于赠此刻已无主张,完全听从爨崇道的安排:“好!好!就依先生!快!关闭府门!所有人上墙防守!”
镇守府内顿时一片忙乱,卫兵们匆忙布防。
爨崇道看着慌乱的于赠和匆匆调动的守军,眼神冰冷。他知道,戏肉终于来了。利罗式这只嗅到血腥味的狼,已经被他成功地引到了陷阱边缘。接下来,就是看他如何在这混乱中,实现自己的目标——借于赠之手,除掉利罗式;或者,更理想的是,让双方两败俱伤。
他缓步走上墙头,望着远处火把形成的长龙,正迅速逼近镇守府。夜风吹拂着他的衣袍,猎猎作响。

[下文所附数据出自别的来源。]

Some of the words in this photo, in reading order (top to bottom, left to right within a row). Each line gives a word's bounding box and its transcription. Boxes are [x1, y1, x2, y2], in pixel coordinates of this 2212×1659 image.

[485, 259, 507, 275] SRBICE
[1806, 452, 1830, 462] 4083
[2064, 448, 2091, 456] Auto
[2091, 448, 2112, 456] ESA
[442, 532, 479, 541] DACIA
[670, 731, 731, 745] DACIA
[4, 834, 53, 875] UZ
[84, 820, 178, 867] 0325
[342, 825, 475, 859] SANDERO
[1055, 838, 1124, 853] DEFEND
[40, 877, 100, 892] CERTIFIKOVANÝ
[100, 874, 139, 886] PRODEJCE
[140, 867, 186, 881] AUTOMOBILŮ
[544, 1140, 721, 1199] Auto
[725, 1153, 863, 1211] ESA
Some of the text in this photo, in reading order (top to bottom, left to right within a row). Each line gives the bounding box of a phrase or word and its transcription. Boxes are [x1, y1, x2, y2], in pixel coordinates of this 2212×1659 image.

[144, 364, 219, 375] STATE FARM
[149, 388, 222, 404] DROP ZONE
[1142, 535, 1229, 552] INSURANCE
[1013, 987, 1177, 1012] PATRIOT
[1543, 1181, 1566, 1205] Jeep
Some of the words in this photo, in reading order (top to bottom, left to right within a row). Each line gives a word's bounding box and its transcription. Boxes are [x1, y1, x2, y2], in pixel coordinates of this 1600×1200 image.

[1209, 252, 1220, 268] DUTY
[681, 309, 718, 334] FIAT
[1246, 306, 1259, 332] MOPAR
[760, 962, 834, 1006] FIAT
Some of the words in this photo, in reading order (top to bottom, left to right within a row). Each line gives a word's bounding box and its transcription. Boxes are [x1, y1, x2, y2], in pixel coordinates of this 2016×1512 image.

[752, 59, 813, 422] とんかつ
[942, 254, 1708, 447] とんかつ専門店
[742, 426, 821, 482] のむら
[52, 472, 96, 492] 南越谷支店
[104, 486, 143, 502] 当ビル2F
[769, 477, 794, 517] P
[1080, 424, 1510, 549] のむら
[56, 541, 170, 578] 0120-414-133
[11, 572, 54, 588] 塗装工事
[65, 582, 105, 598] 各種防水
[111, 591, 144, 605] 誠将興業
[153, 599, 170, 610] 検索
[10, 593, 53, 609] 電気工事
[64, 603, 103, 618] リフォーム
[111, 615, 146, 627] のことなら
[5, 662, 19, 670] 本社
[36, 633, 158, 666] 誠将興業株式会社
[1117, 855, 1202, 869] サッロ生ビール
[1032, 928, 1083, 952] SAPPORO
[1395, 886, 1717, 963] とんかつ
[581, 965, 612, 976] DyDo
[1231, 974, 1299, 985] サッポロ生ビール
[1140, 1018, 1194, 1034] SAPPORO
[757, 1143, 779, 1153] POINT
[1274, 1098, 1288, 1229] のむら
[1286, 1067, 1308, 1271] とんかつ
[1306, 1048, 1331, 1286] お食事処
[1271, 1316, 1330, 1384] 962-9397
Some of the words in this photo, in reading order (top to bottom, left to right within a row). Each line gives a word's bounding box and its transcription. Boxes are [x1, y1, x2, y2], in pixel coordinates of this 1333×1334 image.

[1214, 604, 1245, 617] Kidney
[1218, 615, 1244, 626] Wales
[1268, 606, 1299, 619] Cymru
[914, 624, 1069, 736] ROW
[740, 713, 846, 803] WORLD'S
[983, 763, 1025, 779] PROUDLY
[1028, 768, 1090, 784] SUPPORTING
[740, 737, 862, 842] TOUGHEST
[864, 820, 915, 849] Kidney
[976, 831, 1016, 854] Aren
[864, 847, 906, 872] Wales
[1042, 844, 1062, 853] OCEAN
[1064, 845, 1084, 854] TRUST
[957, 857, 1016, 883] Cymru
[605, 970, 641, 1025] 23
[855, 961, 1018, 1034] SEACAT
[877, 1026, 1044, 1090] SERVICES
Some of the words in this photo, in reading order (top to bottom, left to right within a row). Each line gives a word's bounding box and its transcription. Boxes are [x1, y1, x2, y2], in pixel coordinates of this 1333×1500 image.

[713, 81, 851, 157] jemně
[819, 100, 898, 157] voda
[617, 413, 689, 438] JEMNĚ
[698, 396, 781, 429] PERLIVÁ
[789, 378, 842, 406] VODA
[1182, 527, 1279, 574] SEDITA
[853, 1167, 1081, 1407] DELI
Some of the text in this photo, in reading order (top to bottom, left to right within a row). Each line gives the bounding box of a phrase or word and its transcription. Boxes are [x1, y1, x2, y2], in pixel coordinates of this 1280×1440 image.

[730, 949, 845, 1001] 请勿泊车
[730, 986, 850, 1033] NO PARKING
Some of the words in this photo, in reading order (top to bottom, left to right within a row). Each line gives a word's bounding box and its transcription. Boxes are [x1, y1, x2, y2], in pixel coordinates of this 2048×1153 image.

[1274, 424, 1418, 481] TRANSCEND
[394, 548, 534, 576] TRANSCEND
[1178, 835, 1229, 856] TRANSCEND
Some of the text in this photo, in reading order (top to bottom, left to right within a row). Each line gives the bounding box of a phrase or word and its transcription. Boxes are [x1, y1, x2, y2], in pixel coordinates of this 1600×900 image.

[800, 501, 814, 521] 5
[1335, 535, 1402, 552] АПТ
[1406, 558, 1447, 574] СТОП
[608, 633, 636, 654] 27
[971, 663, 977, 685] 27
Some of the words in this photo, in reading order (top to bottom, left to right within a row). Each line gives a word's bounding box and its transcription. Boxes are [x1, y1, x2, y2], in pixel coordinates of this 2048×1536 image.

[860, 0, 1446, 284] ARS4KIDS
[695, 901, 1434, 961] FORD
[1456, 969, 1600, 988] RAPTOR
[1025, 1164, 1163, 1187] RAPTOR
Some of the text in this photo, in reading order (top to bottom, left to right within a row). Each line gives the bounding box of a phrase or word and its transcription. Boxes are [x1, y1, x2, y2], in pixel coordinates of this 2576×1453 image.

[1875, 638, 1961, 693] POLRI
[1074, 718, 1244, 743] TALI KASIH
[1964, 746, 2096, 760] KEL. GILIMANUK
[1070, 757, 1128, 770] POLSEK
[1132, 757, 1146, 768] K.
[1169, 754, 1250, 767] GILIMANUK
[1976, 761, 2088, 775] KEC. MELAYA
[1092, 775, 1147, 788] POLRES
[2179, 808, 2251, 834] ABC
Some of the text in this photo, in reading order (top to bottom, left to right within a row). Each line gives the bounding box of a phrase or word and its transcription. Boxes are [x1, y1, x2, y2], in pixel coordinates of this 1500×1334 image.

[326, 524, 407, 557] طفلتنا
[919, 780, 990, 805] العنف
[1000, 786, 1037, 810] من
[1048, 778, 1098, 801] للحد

浪穹的暗流,终于在利罗式的躁进和爨崇道的推波助澜下,汹涌到了爆发的临界点。这看似是南诏内部的一场火并,实则牵动着多方势力的神经,也决定着爨崇道这盘险棋的下一步走向。
墨痕下的星火,不再满足于暗中燃烧,它要借着这即将到来的血与火,彻底点燃这片积郁了太多仇恨与野望的荒原。